Un verdadero líder también debe saber conectar con las bases sociales. La política no puede reducirse a discursos desde un podio o campañas en redes; debe enraizarse en la gente. Eso implica tender puentes con la juventud que busca oportunidades, con las amas de casa que sostienen los hogares, con los envejecientes que entregaron su vida al trabajo, con los deportistas que representan el orgullo nacional y con los empresarios que generan desarrollo. Y es imposible olvidar que la juventud carga sobre sus hombros un desencanto generacional que ningún liderazgo serio puede permitirse ignorar. Pero, sobre todo, debe trabajar en beneficio de todos y para todos, sin exclusiones ni favoritismos. Un político que logra escuchar a cada sector de la sociedad y convertir sus necesidades en políticas públicas reales demuestra que entiende el verdadero sentido del servicio: servir, no servirse.
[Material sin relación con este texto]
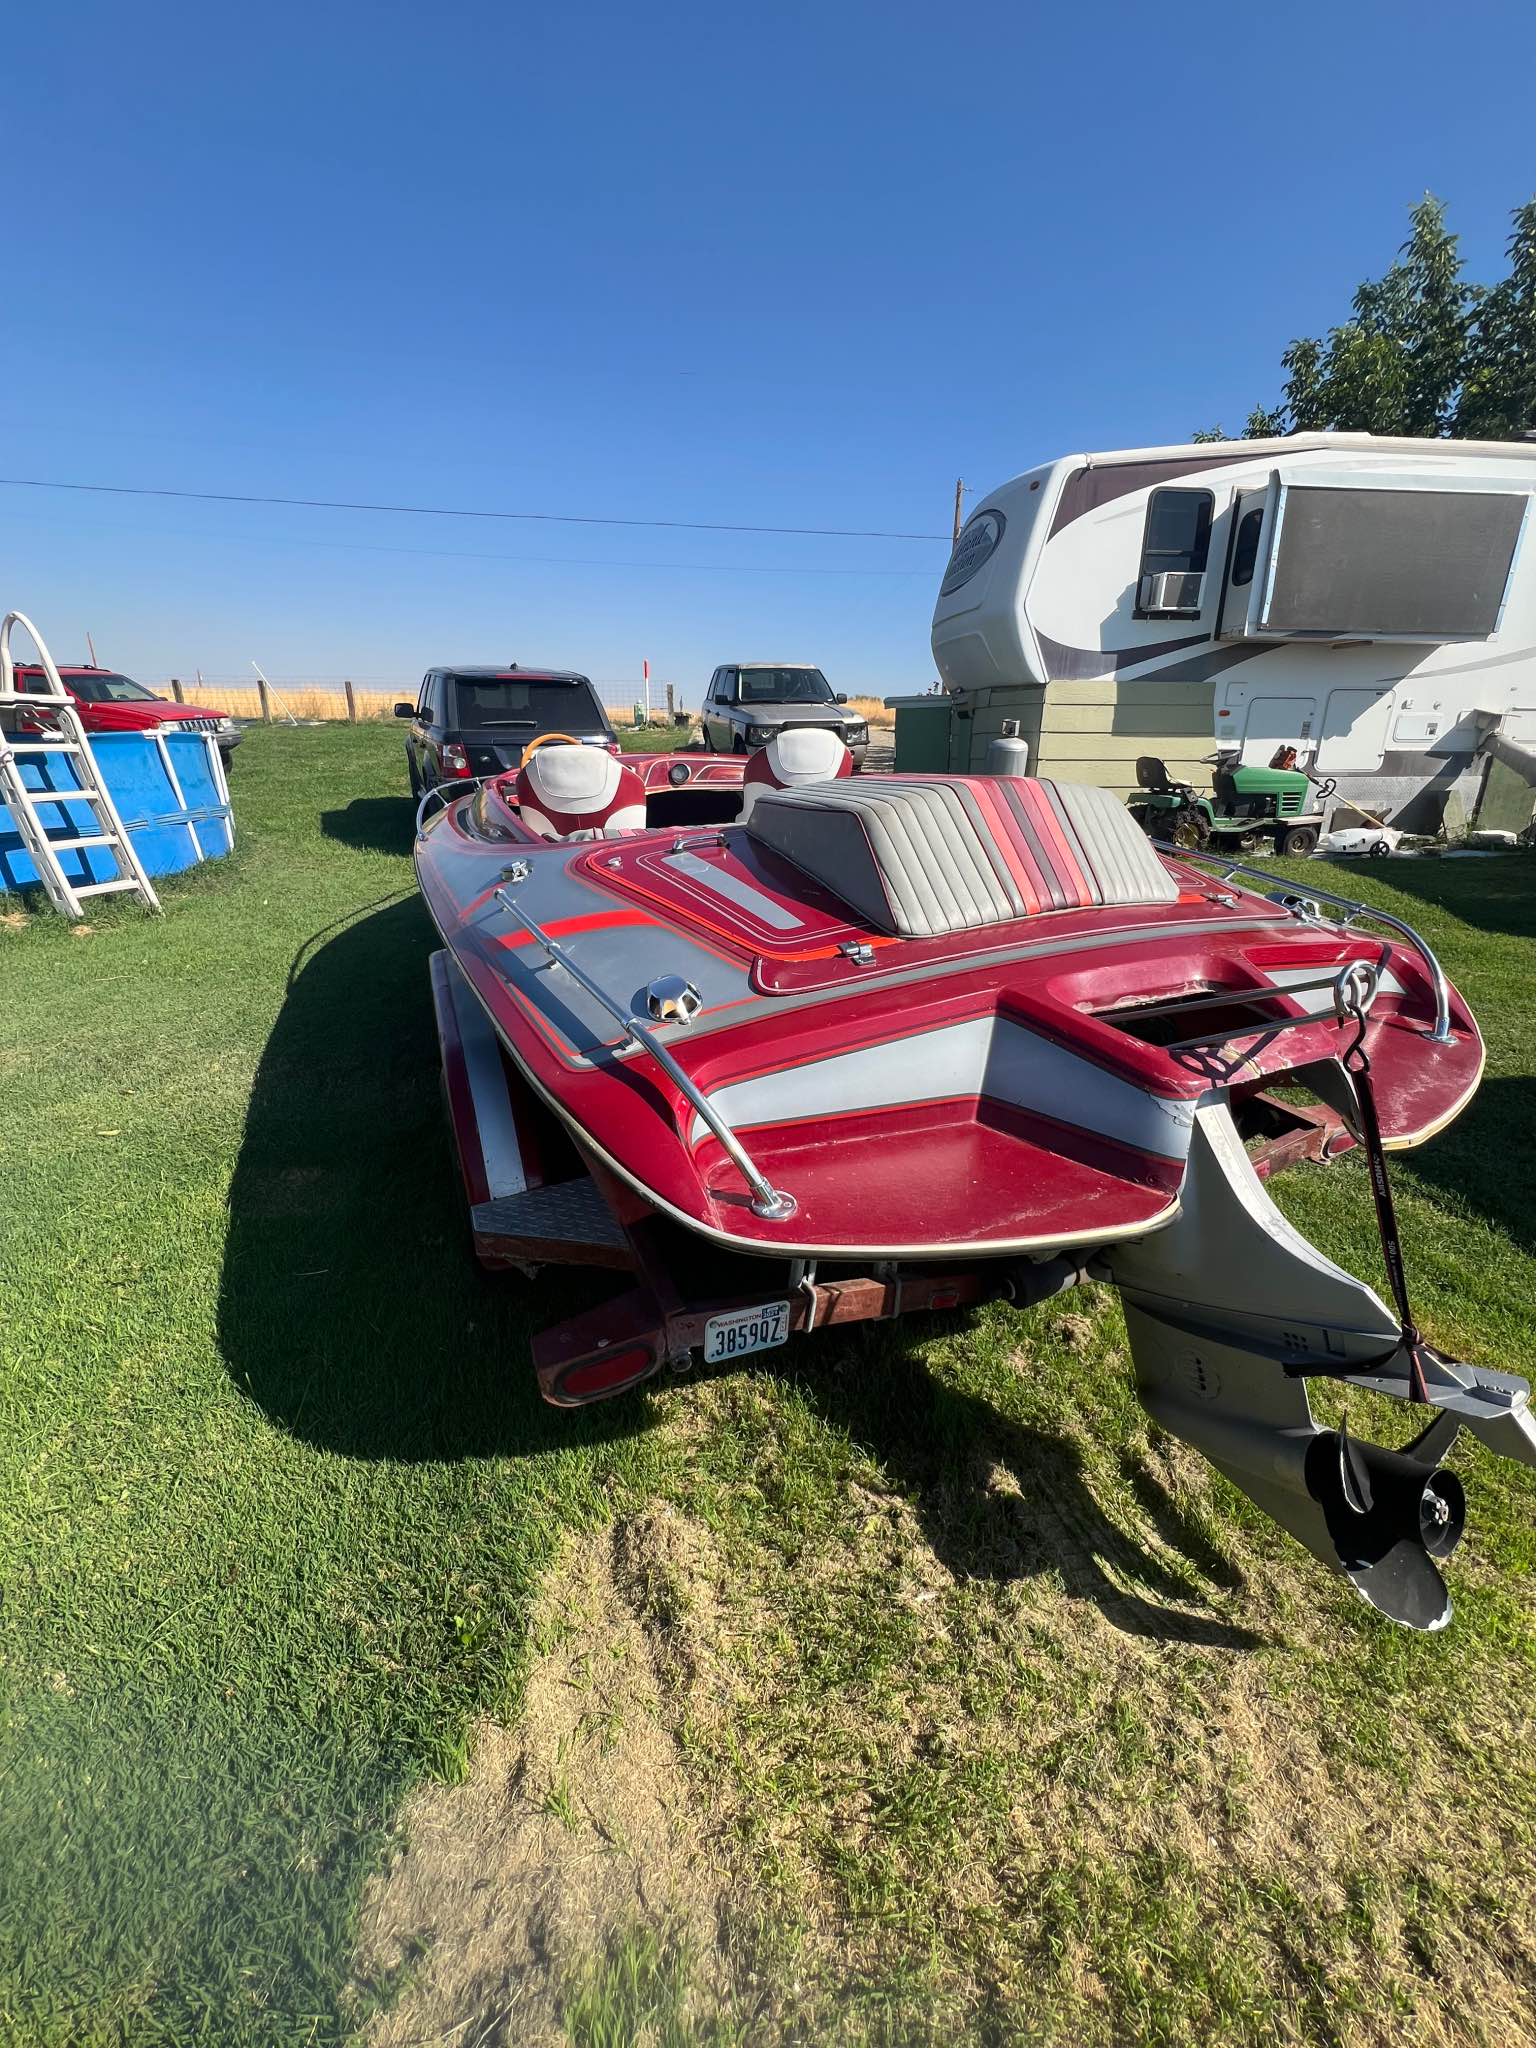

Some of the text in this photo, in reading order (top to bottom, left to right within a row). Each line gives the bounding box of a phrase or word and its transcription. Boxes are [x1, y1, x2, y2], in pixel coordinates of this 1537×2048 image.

[1374, 1164, 1387, 1199] HUSKY
[715, 1317, 781, 1356] 3859QZ
[717, 1312, 762, 1328] WASHINGTON
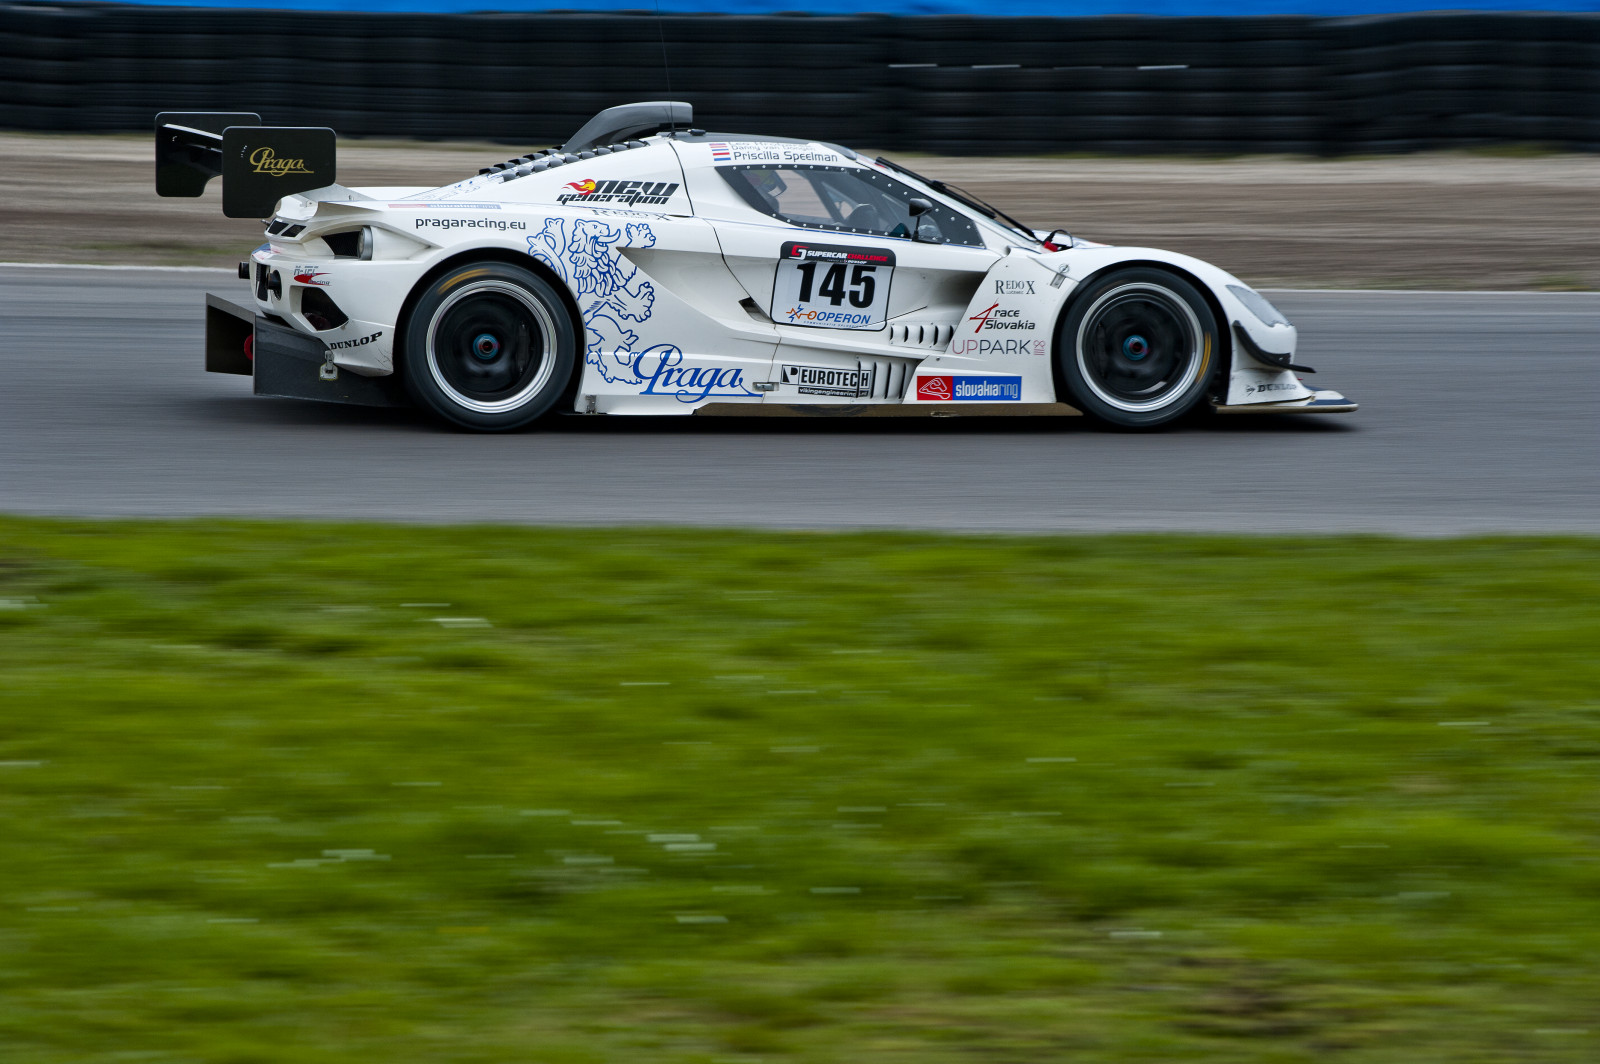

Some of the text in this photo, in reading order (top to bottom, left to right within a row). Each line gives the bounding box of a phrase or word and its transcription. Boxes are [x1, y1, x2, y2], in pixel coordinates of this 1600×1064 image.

[249, 146, 314, 176] Praga
[733, 151, 838, 162] Priscilla Speelman
[592, 180, 679, 196] new
[556, 192, 670, 207] generation
[415, 218, 526, 231] pragaracing.eu
[796, 261, 877, 309] 145
[984, 320, 1036, 330] Slovakia
[329, 331, 382, 350] DUNLOP
[952, 339, 1031, 355] UPPARK
[632, 343, 763, 404] Praga
[801, 368, 869, 387] EUROTECH
[955, 380, 1018, 399] slovakiaring
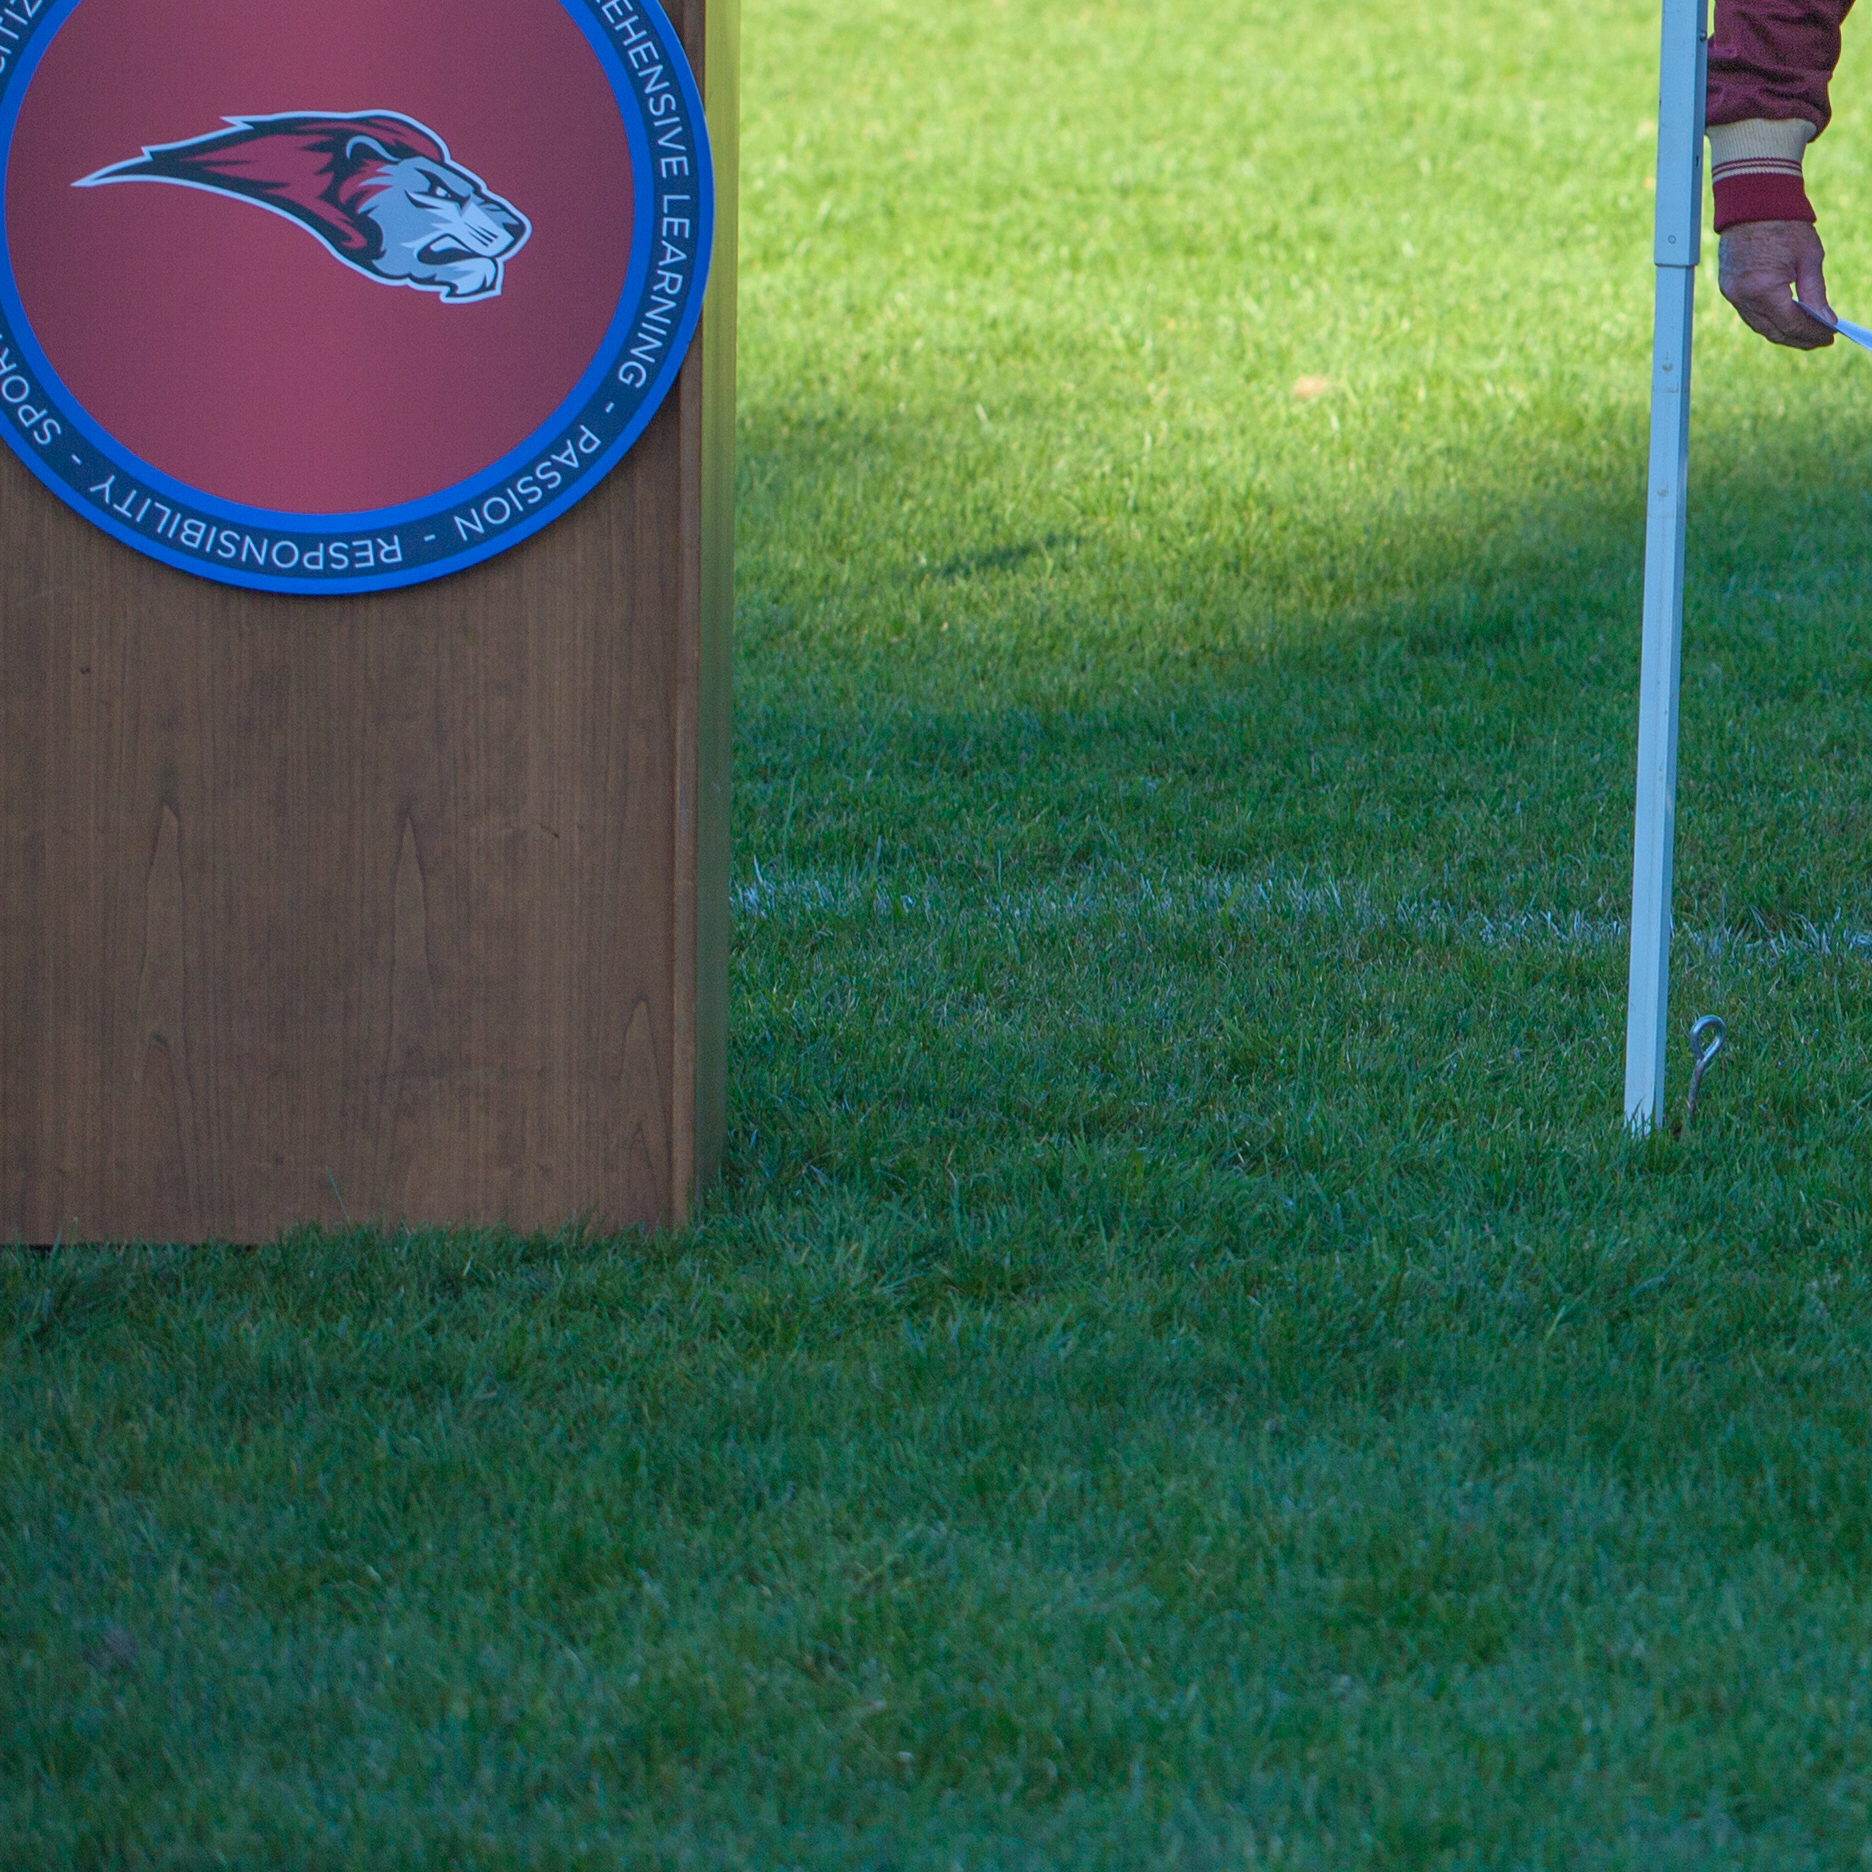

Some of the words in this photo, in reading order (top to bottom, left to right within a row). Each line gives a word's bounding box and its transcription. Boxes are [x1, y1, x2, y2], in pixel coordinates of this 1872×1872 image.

[617, 193, 691, 388] LEARNING
[89, 474, 404, 570] RESPONSIBILITY
[453, 424, 602, 541] PASSION
Pero no basta con ser cercano, solidario y accesible; un buen político debe sumar otras virtudes para ser efectivo. La honestidad es primordial en un contexto donde la corrupción ha drenado miles de millones de pesos del erario público. Un líder íntegro rechaza el soborno, rinde cuentas transparentes y prioriza el interés nacional sobre el personal. Además, debe ser competente y visionario, con un plan claro para resolver problemas endémicos como la inseguridad, la dependencia energética o la migración irregular. La visión no es un discurso: es saber hacia dónde camina un país y quién debe caminar primero.
Y toda visión verdadera, si no toca tierra, se queda en palabras: por eso el territorio se convierte en el primer escenario donde se prueba el liderazgo real.
El territorio es la primera escuela de la política. Un buen líder conoce el presupuesto de su municipio, camina sus mercados, conversa con transportistas y juntas de vecinos, y decide con datos del lugar: dónde falta alumbrado, en qué calles se pierde agua, qué cancha necesita reparación. La gran política empieza arreglando lo que la gente pisa todos los días.
Finalmente, un buen político debe ser comprometido con el servicio público, no con el poder por el poder. Esto implica humildad para admitir errores, capacidad para dialogar con opositores y un enfoque en el largo plazo, más allá de ciclos electorales. Como recordaba Bosch, “la política es para servir, no para servirse”.
En un momento en que el desencanto con la política es palpable, líderes con estas cualidades podrían revitalizar nuestra democracia. Como ciudadanos, debemos exigirlas y votar por ellas, porque solo así construiremos una República Dominicana más justa y unida.
Nada de esto ocurre en soledad. La ciudadanía también decide la calidad de su democracia: informándose, participando en asambleas, exigiendo cuentas sin fanatismos, y votando por trayectorias, no por etiquetas. Un buen político florece cuando el pueblo deja de aplaudir promesas y empieza a exigir resultados.
En resumen, el político ideal no es un superhéroe, sino un ser humano con empatía y determinación. Cercanía, solidaridad, accesibilidad, honestidad y visión: estas son las cualidades que, en mi opinión, definirán el futuro de nuestro país. Es hora de que la política vuelva a ser un instrumento de cambio positivo, no de decepción.
Y sobre todo, que cada dominicano entienda que el cambio no se espera sentado: se hace de pie, con trabajo, coraje y amor por esta tierra. Que la política vuelva a inspirar y que el servicio público recupere su verdadero nombre: amor por la gente y compromiso con la patria.
La política no debe cansar al pueblo, debe inspirarlo. Y cuando vuelva a inspirar, la patria volverá a sonreír.